### Work task
Reproduce, without alteration, every line of the data; exclude the images.

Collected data
+===+

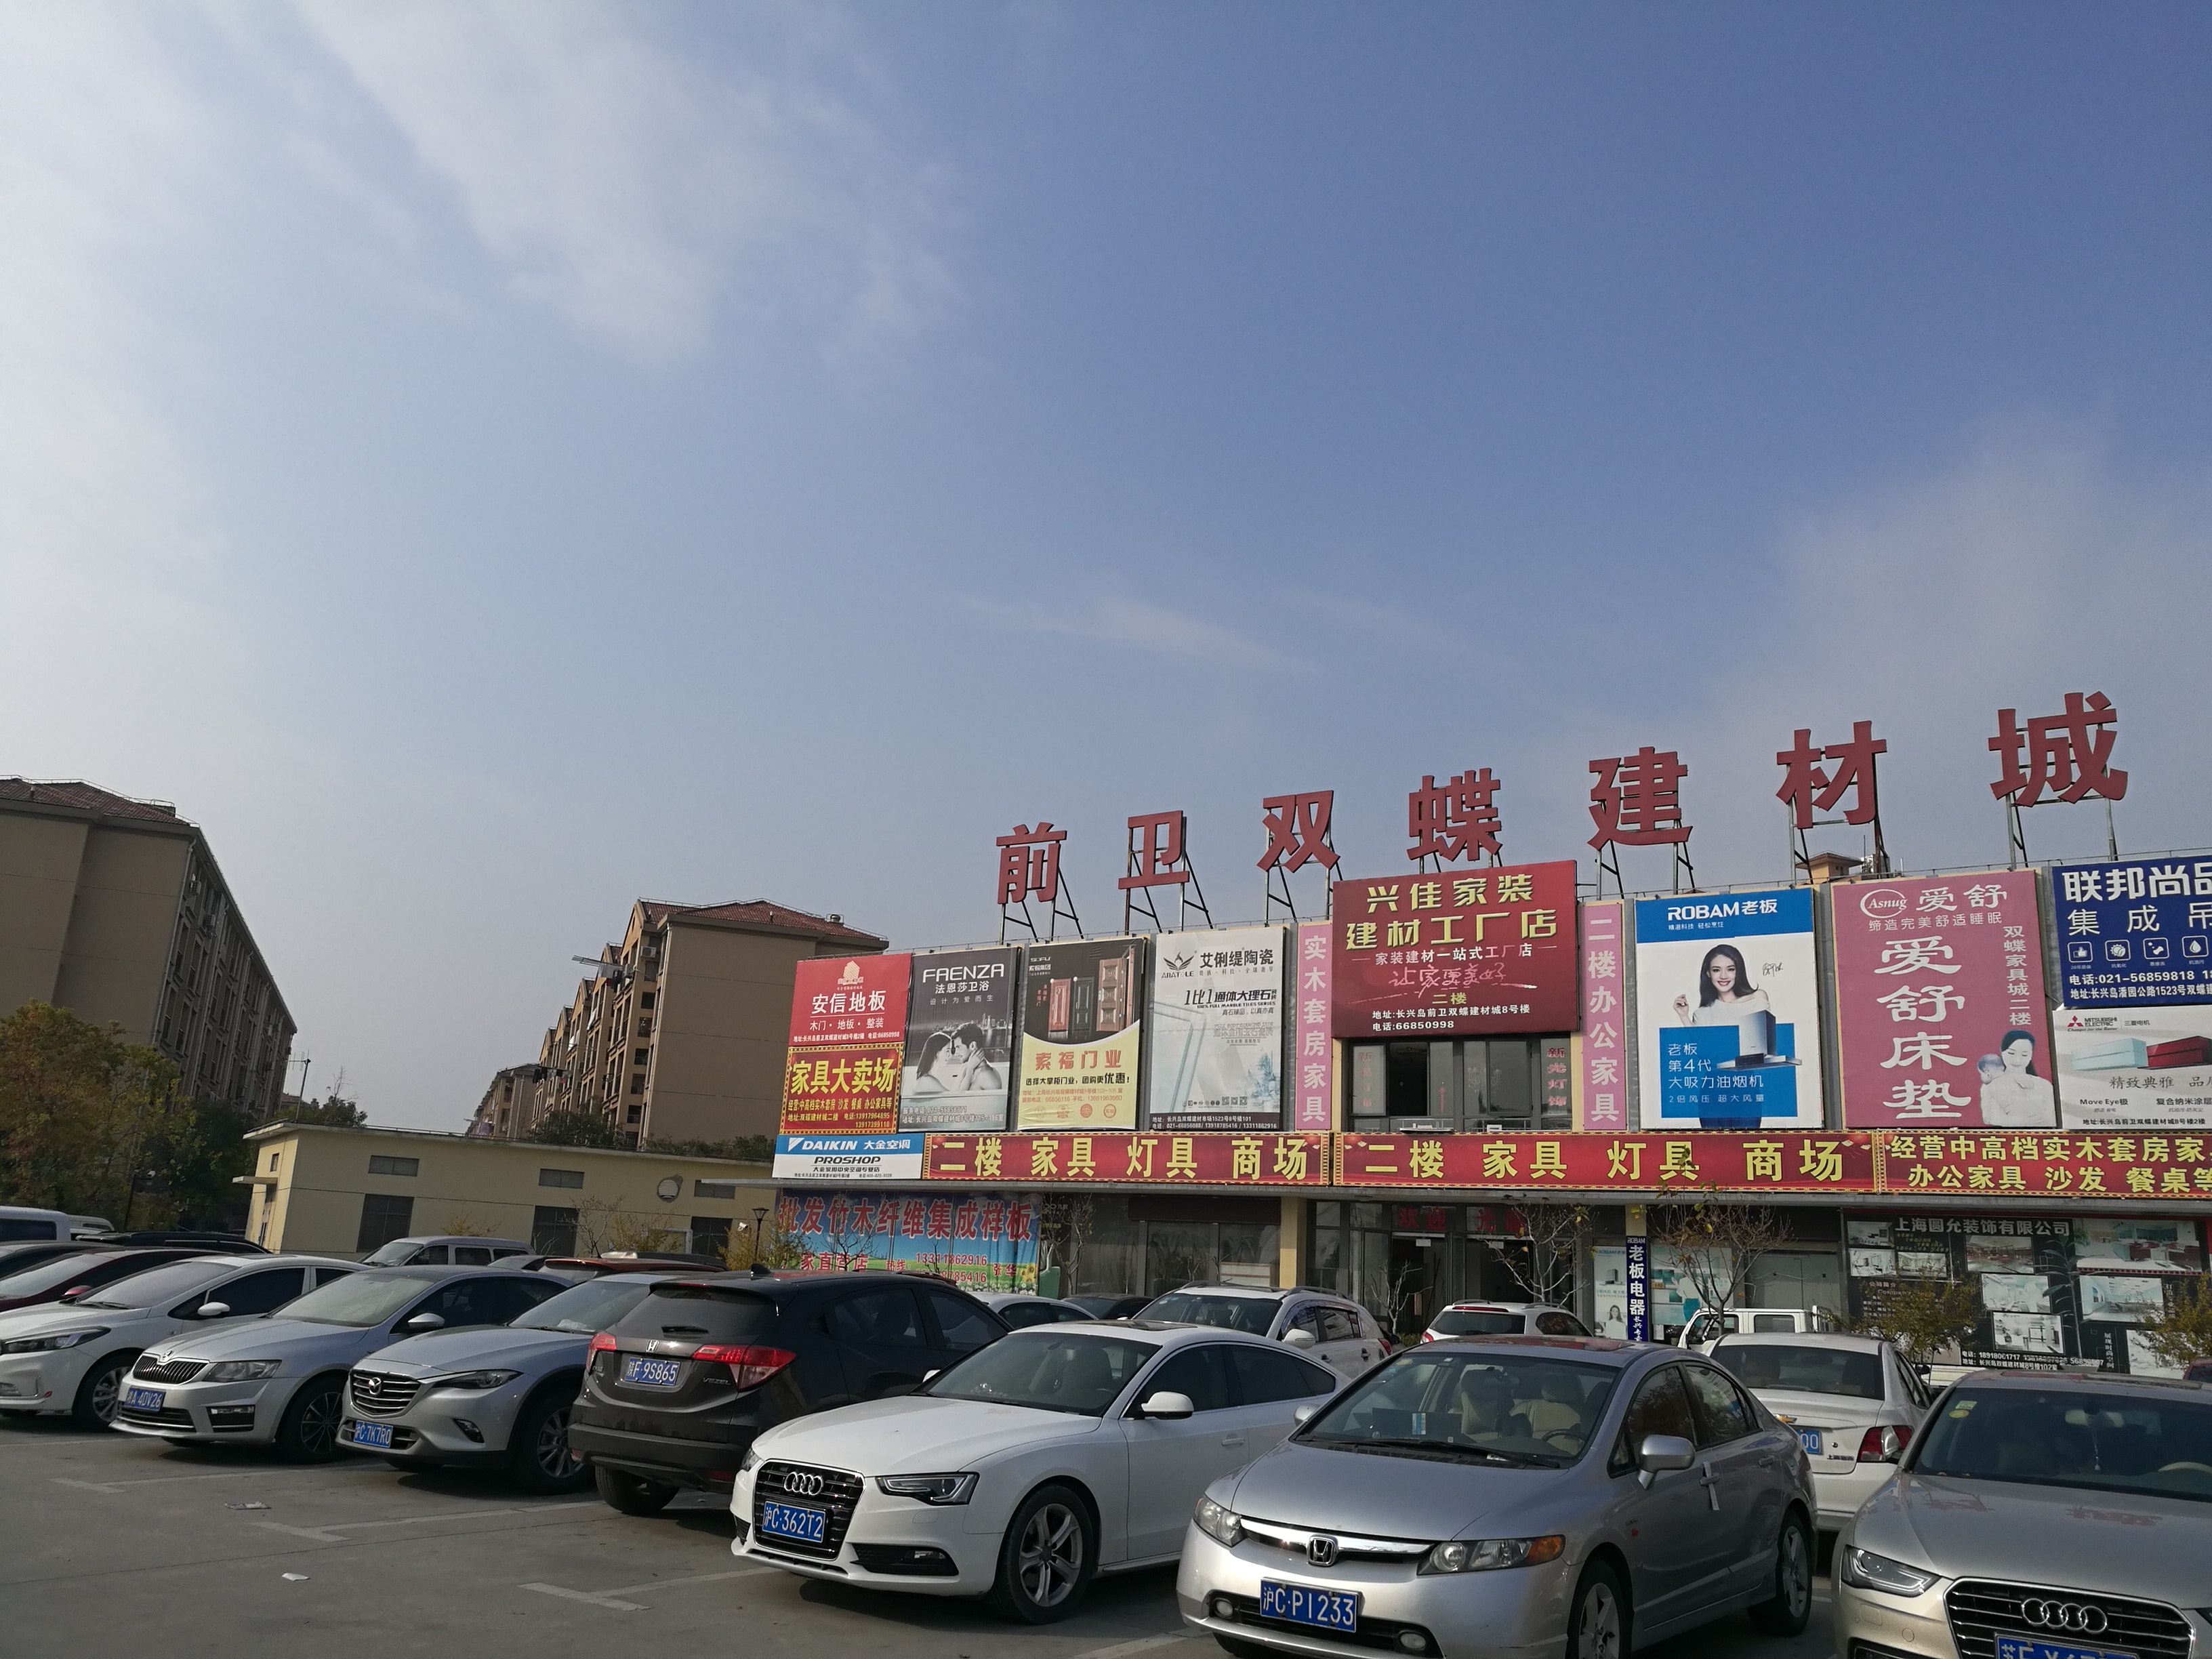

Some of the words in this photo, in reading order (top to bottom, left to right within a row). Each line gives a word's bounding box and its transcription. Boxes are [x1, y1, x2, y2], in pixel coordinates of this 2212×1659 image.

[996, 691, 2128, 904] 前卫双蝶建材城
[1368, 874, 1533, 913] 兴佳家装
[1868, 898, 1908, 909] Asnug
[1916, 884, 2007, 912] 爱舒
[1346, 909, 1557, 950] 建材工厂店
[1868, 912, 2002, 932] 缔造完美舒适睡眠
[1200, 949, 1274, 968] 艾俐缇陶瓷
[1375, 943, 1532, 966] 家装建材一站式工厂店
[922, 963, 1004, 983] FAENZA
[1389, 962, 1507, 994] 让家更美好
[2003, 926, 2032, 1026] 双蝶家具城二楼
[2069, 971, 2195, 986] 电话:021-56859818
[935, 981, 989, 994] 法恩莎卫浴
[811, 990, 886, 1014] 安信地板
[930, 994, 994, 1005] 设计为爱而生
[1432, 992, 1467, 1004] 二楼
[1372, 1004, 1530, 1019] 地址:长兴岛前卫双蝶建材城8号楼
[1589, 918, 1619, 1122] 二楼办公家具
[1302, 935, 1326, 1122] 实木套房家具
[1373, 1021, 1454, 1031] 电话:66850998
[1874, 935, 1971, 1119] 爱舒床垫
[1668, 1043, 1698, 1056] 老板
[1036, 1050, 1122, 1071] 索福门业
[1668, 1059, 1711, 1072] 第4代
[790, 1057, 895, 1094] 家具大卖场
[1668, 1075, 1763, 1088] 大吸力油烟机
[2110, 1076, 2174, 1088] 精致典雅
[838, 1098, 849, 1110] 沙发
[864, 1097, 893, 1109] 办公家具等
[1669, 1094, 1710, 1103] 2倍风压
[1718, 1093, 1765, 1103] 超大风量
[802, 1141, 857, 1150] DAIKIN
[863, 1139, 911, 1150] 大金空调
[1891, 1136, 2212, 1162] 经营中高档实木套房家
[814, 1156, 881, 1164] PROSHOP
[940, 1138, 1002, 1177] 二楼
[1031, 1136, 1096, 1176] 家具
[1126, 1136, 1197, 1178] 灯具
[1231, 1137, 1308, 1180] 商场
[1366, 1141, 1444, 1179] 二楼
[1483, 1141, 1567, 1179] 家具
[1607, 1140, 1700, 1181] 灯具
[1743, 1139, 1843, 1182] 商场
[1908, 1164, 2026, 1189] 办公家具
[2044, 1165, 2107, 1191] 沙发
[777, 1197, 1033, 1242] 批发竹木纤维集成样板
[1895, 1217, 2070, 1236] 上海圆允装饰有限公司
[1629, 1245, 1645, 1315] 老板电器
[703, 1377, 731, 1385] VEZEL
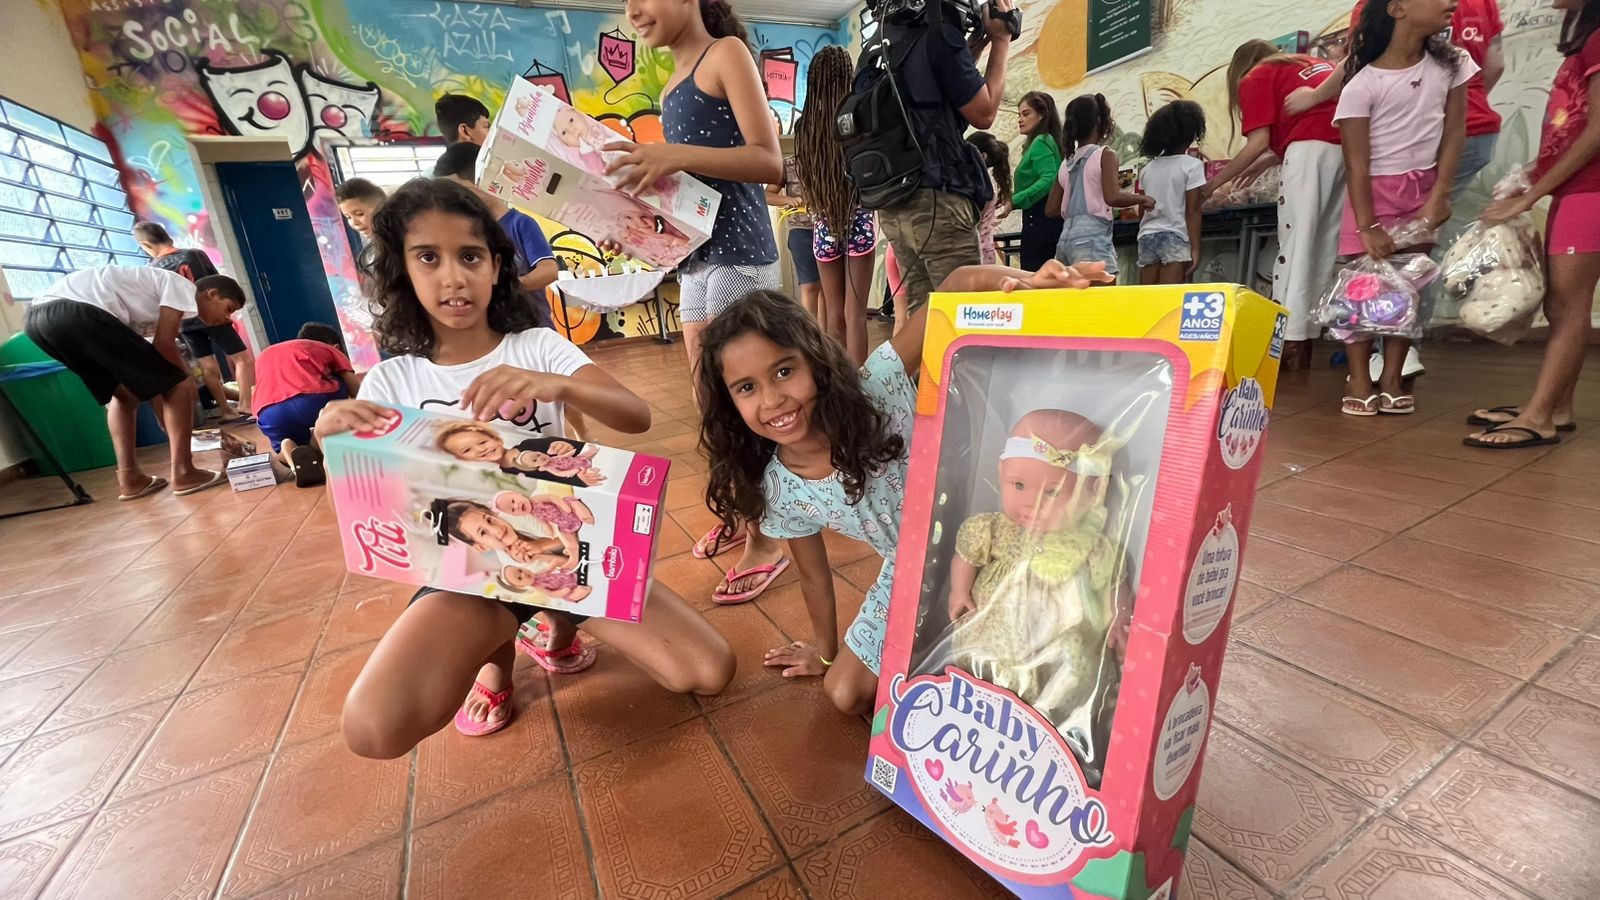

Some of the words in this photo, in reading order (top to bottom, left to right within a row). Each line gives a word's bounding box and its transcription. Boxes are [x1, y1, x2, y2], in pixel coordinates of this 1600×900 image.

[443, 30, 515, 62] AZUL
[1182, 318, 1220, 329] ANOS
[1238, 377, 1259, 401] Baby
[606, 548, 618, 578] bambola
[950, 676, 1050, 760] Baby
[891, 675, 1114, 844] Carinho

+===+

### Answer area
Some of the words in this photo, in reading order (top to bottom, left to right within a row). Each line gives a word's bounding box and its transcription. Boxes are [x1, y1, x2, y2], in pixel coordinates of this 2212×1659 image.

[996, 691, 2128, 904] 前卫双蝶建材城
[1368, 874, 1533, 913] 兴佳家装
[1868, 898, 1908, 909] Asnug
[1916, 884, 2007, 912] 爱舒
[1346, 909, 1557, 950] 建材工厂店
[1868, 912, 2002, 932] 缔造完美舒适睡眠
[1200, 949, 1274, 968] 艾俐缇陶瓷
[1375, 943, 1532, 966] 家装建材一站式工厂店
[922, 963, 1004, 983] FAENZA
[1389, 962, 1507, 994] 让家更美好
[2003, 926, 2032, 1026] 双蝶家具城二楼
[2069, 971, 2195, 986] 电话:021-56859818
[935, 981, 989, 994] 法恩莎卫浴
[811, 990, 886, 1014] 安信地板
[930, 994, 994, 1005] 设计为爱而生
[1432, 992, 1467, 1004] 二楼
[1372, 1004, 1530, 1019] 地址:长兴岛前卫双蝶建材城8号楼
[1589, 918, 1619, 1122] 二楼办公家具
[1302, 935, 1326, 1122] 实木套房家具
[1373, 1021, 1454, 1031] 电话:66850998
[1874, 935, 1971, 1119] 爱舒床垫
[1668, 1043, 1698, 1056] 老板
[1036, 1050, 1122, 1071] 索福门业
[1668, 1059, 1711, 1072] 第4代
[790, 1057, 895, 1094] 家具大卖场
[1668, 1075, 1763, 1088] 大吸力油烟机
[2110, 1076, 2174, 1088] 精致典雅
[838, 1098, 849, 1110] 沙发
[864, 1097, 893, 1109] 办公家具等
[1669, 1094, 1710, 1103] 2倍风压
[1718, 1093, 1765, 1103] 超大风量
[802, 1141, 857, 1150] DAIKIN
[863, 1139, 911, 1150] 大金空调
[1891, 1136, 2212, 1162] 经营中高档实木套房家
[814, 1156, 881, 1164] PROSHOP
[940, 1138, 1002, 1177] 二楼
[1031, 1136, 1096, 1176] 家具
[1126, 1136, 1197, 1178] 灯具
[1231, 1137, 1308, 1180] 商场
[1366, 1141, 1444, 1179] 二楼
[1483, 1141, 1567, 1179] 家具
[1607, 1140, 1700, 1181] 灯具
[1743, 1139, 1843, 1182] 商场
[1908, 1164, 2026, 1189] 办公家具
[2044, 1165, 2107, 1191] 沙发
[777, 1197, 1033, 1242] 批发竹木纤维集成样板
[1895, 1217, 2070, 1236] 上海圆允装饰有限公司
[1629, 1245, 1645, 1315] 老板电器
[703, 1377, 731, 1385] VEZEL

Some of the words in this photo, in reading order (top to bottom, left to right within a row). Each line gives a word's bounding box and its transcription. Boxes are [x1, y1, x2, y2], in pixel coordinates of this 1600×900 image.

[443, 30, 515, 62] AZUL
[1182, 318, 1220, 329] ANOS
[1238, 377, 1259, 401] Baby
[606, 548, 618, 578] bambola
[950, 676, 1050, 760] Baby
[891, 675, 1114, 844] Carinho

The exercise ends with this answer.